Rationale: Although psilocybin has been used for centuries for religious purposes, little is known scientifically about its acute and persisting effects.
Objectives: This double-blind study evaluated the acute and longer-term psychological effects of a high dose of psilocybin relative to a comparison compound administered under comfortable, supportive conditions.

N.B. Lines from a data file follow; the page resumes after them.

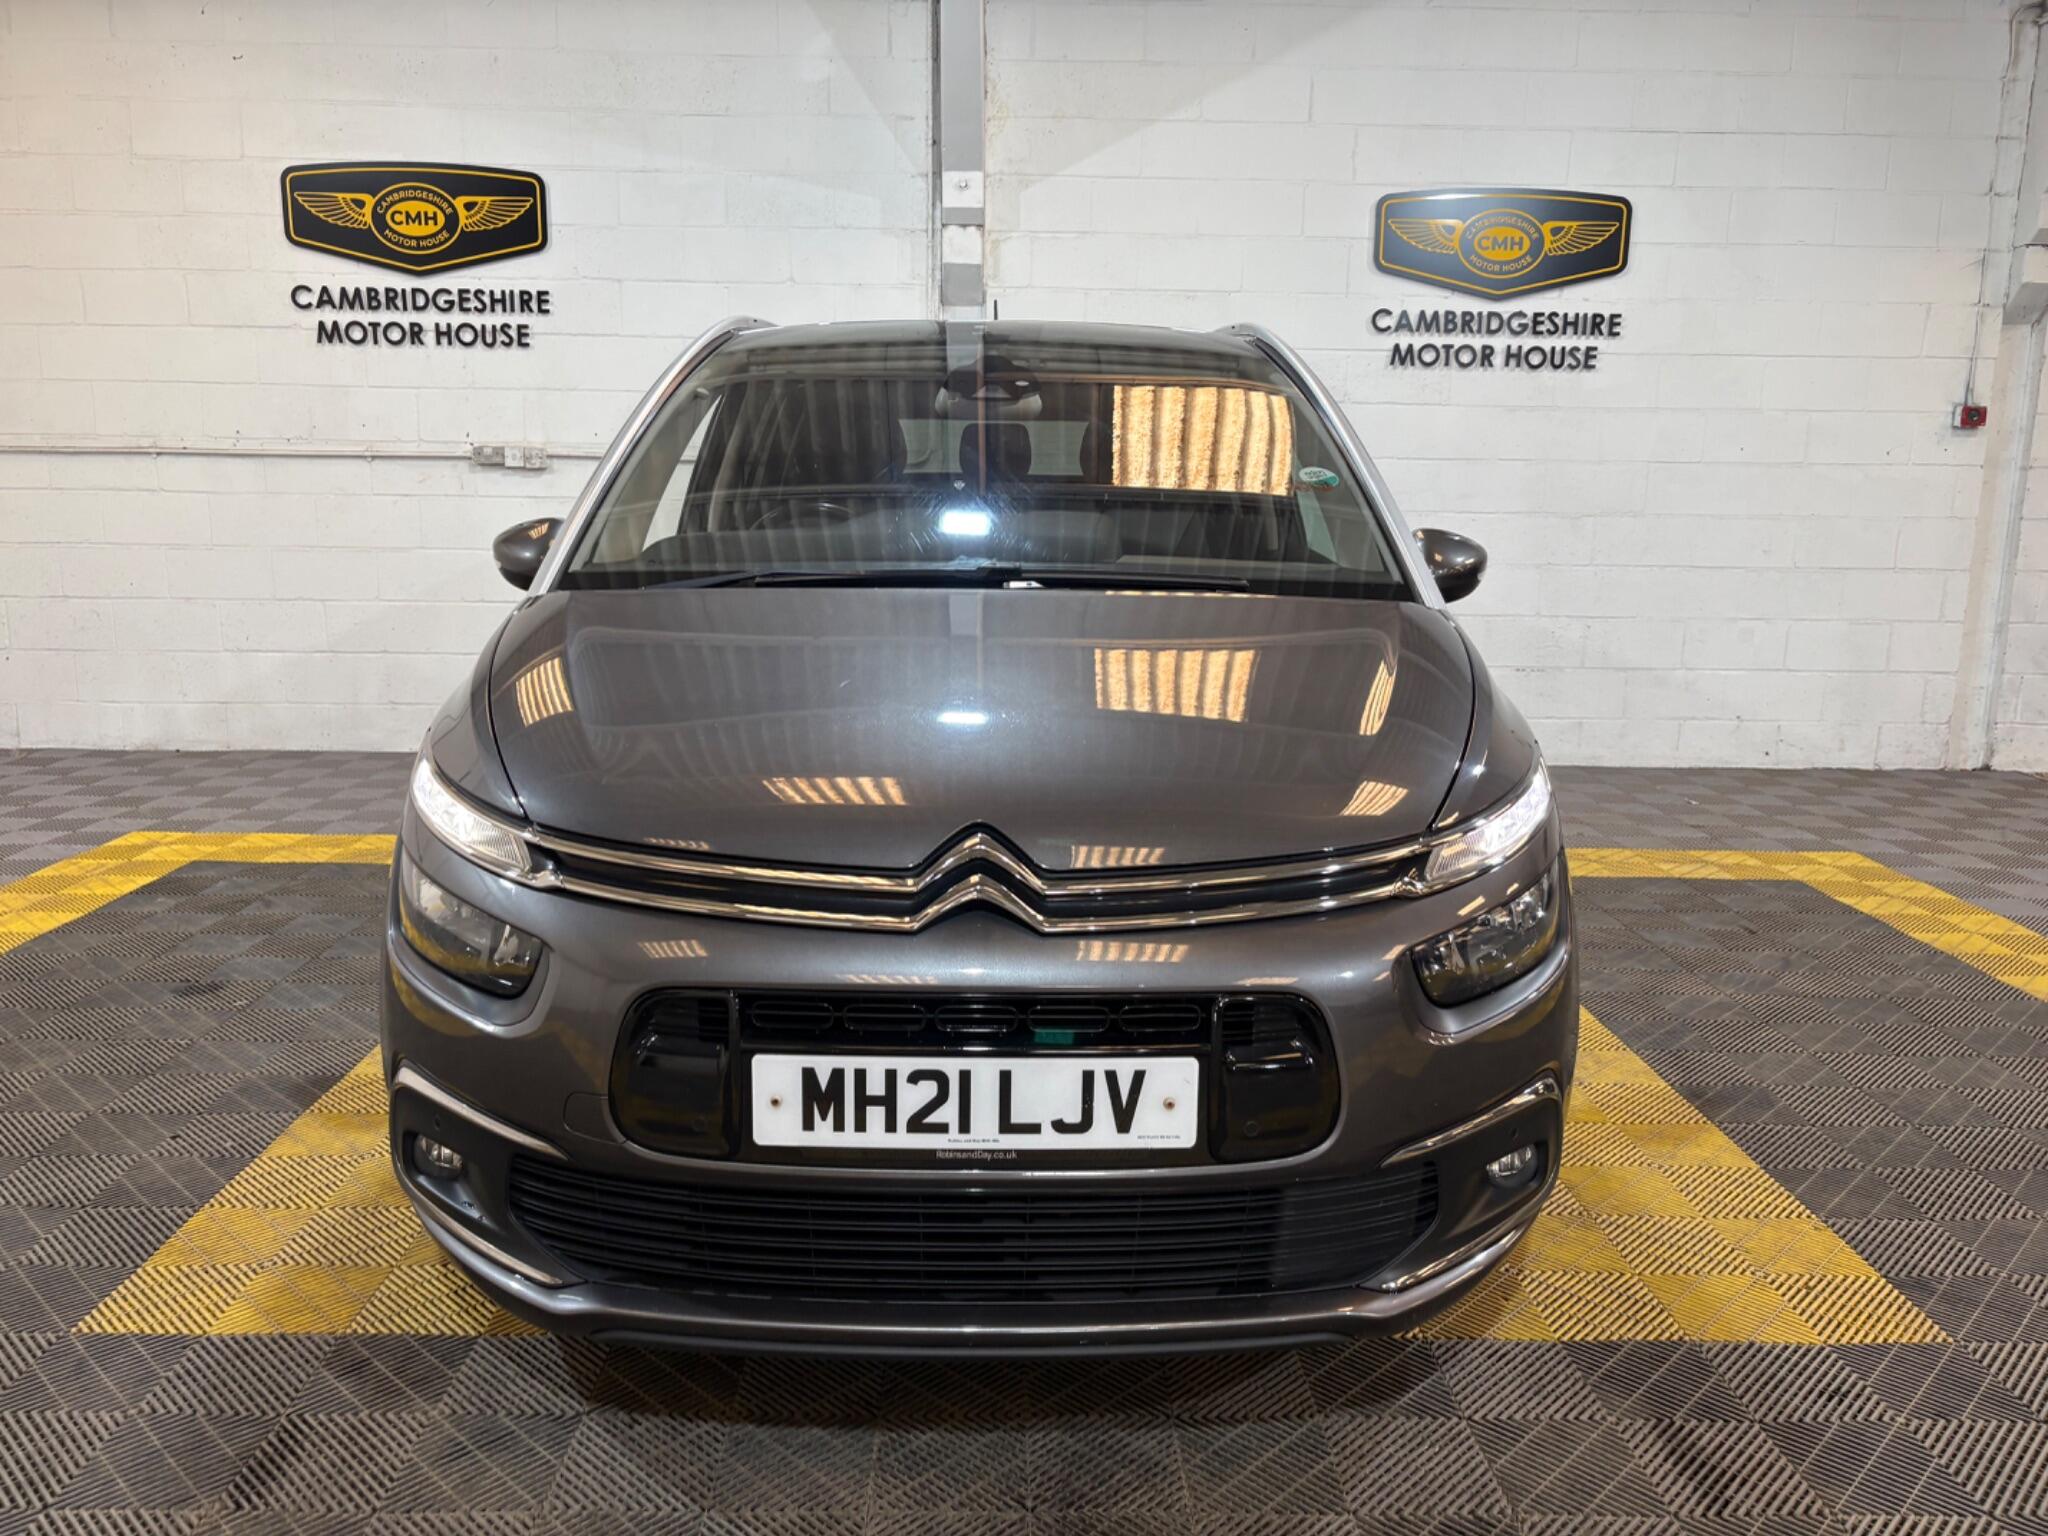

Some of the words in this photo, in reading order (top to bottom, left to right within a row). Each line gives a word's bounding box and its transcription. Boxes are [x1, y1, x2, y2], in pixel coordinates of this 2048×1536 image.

[376, 189, 454, 215] CAMBRIDGESHIRE
[390, 210, 438, 226] CMH
[384, 229, 417, 247] MOTOR
[420, 229, 450, 247] HOUSE
[1478, 236, 1524, 251] CMH
[1470, 255, 1500, 272] MOTOR
[1502, 255, 1532, 272] HOUSE
[291, 284, 551, 314] CAMBRIDGESHIRE
[316, 320, 424, 346] MOTOR
[435, 322, 531, 348] HOUSE
[1371, 308, 1622, 337] CAMBRIDGESHIRE
[1390, 343, 1494, 368] MOTOR
[1504, 345, 1599, 370] HOUSE
[801, 1066, 971, 1135] MH21
[999, 1068, 1147, 1135] LJV

Materials and methods: The participants were hallucinogen-naïve adults reporting regular participation in religious or spiritual activities. Two or three sessions were conducted at 2-month intervals. Thirty volunteers received orally administered psilocybin (30 mg/70 kg) and methylphenidate hydrochloride (40 mg/70 kg) in counterbalanced order. To obscure the study design, six additional volunteers received methylphenidate in the first two sessions and unblinded psilocybin in a third session. The 8-h sessions were conducted individually. Volunteers were encouraged to close their eyes and direct their attention inward. Study monitors rated volunteers' behavior during sessions. Volunteers completed questionnaires assessing drug effects and mystical experience immediately after and 2 months after sessions. Community observers rated changes in the volunteer's attitudes and behavior.
Results: Psilocybin produced a range of acute perceptual changes, subjective experiences, and labile moods including anxiety. Psilocybin also increased measures of mystical experience. At 2 months, the volunteers rated the psilocybin experience as having substantial personal meaning and spiritual significance and attributed to the experience sustained positive changes in attitudes and behavior consistent with changes rated by community observers.
Conclusions: When administered under supportive conditions, psilocybin occasioned experiences similar to spontaneously occurring mystical experiences. The ability to occasion such experiences prospectively will allow rigorous scientific investigations of their causes and consequences.